Favoriscono i commerci l’abolizione di dogane (sistema “pernicioso” introdotto
da Ottaviano Augusto) e la costruzione di strade, la buona fede nei commerci:
“...il commerciante deve servire allo Stato e non questo a quello”.
Trattando della corruzione dei costumi Antelmy
spiega, con riferimenti a Plutarco, a Seneca, ad Aristotele, che le ricchezze
rappresentative non sono utili al bene pubblico e corrompono i costumi e
rovinano gli imperi. Popoli ricchi come quello di Francia, Egitto, Tiro,
Sidone, Rodi, Venezia e Genova furono abbattuti da popoli barbari e poveri; i
Romani poveri umiliarono la ricca Cartagine; devono essere accresciute le ricchezze
primitive e non quelle rappresentative che sono causa di vizi. “Le ricchezze
che gli Ateniesi ammassarono per le vittorie di Cimone, figlio di Milziade,
produssero subito in Atene la ruinosa corruzione dei costumi, dalla quale
solamente il giusto Aristide e lo stesso Cimone non furono attaccati.....I
Paesi furono saccheggiati dai Tartari Abbassiti nel Sec. XIII.....Le ricchezze
giunte a Roma da Cartagine, Macedonia, Asia Minore, la resero mal costumata e
prepararono la sua rovina.....I virtuosi Spartani furono corrotti dal felice
esito della guerra nel Peloponneso”.
Solo le ricchezze conquistate con
l’agricoltura, le arti, il commercio, e quindi con l’impegno, non corrompono i
costumi “se non col tempo, o per trascuraggine o per ignoranza del Governo”.
Senza la saggezza e la prudenza dei Governi le ricchezze introducono la non
curanza delle leggi e della giustizia; formano da una parte pochi ricchi, con
“lucro insultante” e dall’altra molti poveri e stabiliscono il “tristo impero
dell’ozio e della noja”. Licurgo per screditare le ricchezze rappresentative
introdusse le monete di ferro invece di quelle di oro e di argento.

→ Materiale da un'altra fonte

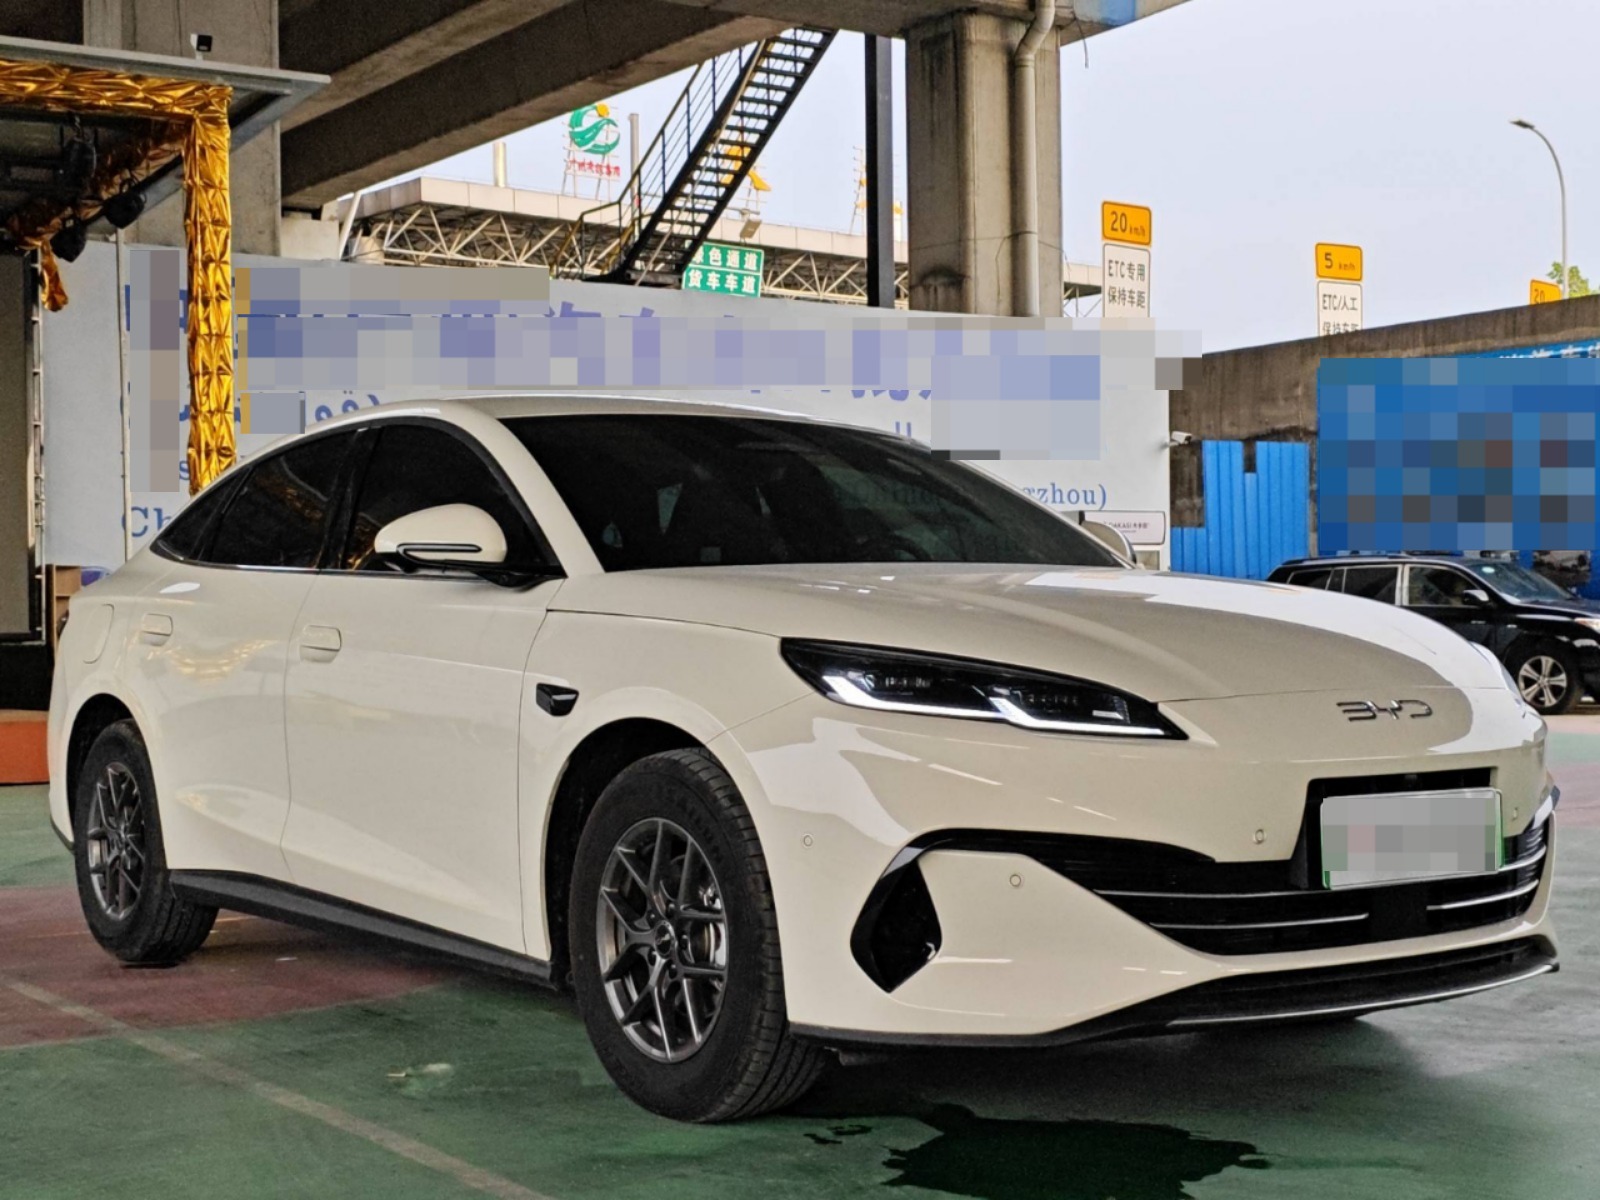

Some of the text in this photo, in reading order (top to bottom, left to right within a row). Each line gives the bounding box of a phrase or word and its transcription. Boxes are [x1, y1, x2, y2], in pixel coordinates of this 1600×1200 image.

Per la circolazione e la distribuzione della
ricchezza occorre accrescere il numero dei proprietari, promuovere arti e
manifatture nazionali, il commercio interno ed estero, una pronta
amministrazione della giustizia e l’esatta osservanza delle leggi.
Il lusso eccessivo va vituperato; quello
moderato fa aprire gli scrigni ai ricchi, accresce l’industria, raffina le
arti, promuove l’agricoltura, rimuove l’indecenza. E, inoltre, fa crescere
l’impegno dei cittadini, stimola nuovi desideri creando nuovi piaceri perchè
“lo spirito umano senza piaceri è senza risorse, ed il piacere è la causa
motrice dell’umanità”. Rousseau ritiene abominevole il lusso, che corrompe i
costumi: ma “con di lui buona pace” non distinse tra le specie di lusso,
infatti è il lusso eccessivo a creare disgrazia e infelicità dei popoli.
David Hume correttamente distingue il lusso
innocente da quello immoderato e vizioso. “Locri per bandire l’eccessivo lusso
delle donne e di alcuni uomini, ordinò che non si caricasse la donna di
gioielli, nè di stoffe dipinte, purchè non facesse di mestiere la cortegiana”.
(forse a questo regime è dovuto il fatto che le donne calabresi e meridionali
in genere vestivano di nero, anche per non alimentare equivoci!).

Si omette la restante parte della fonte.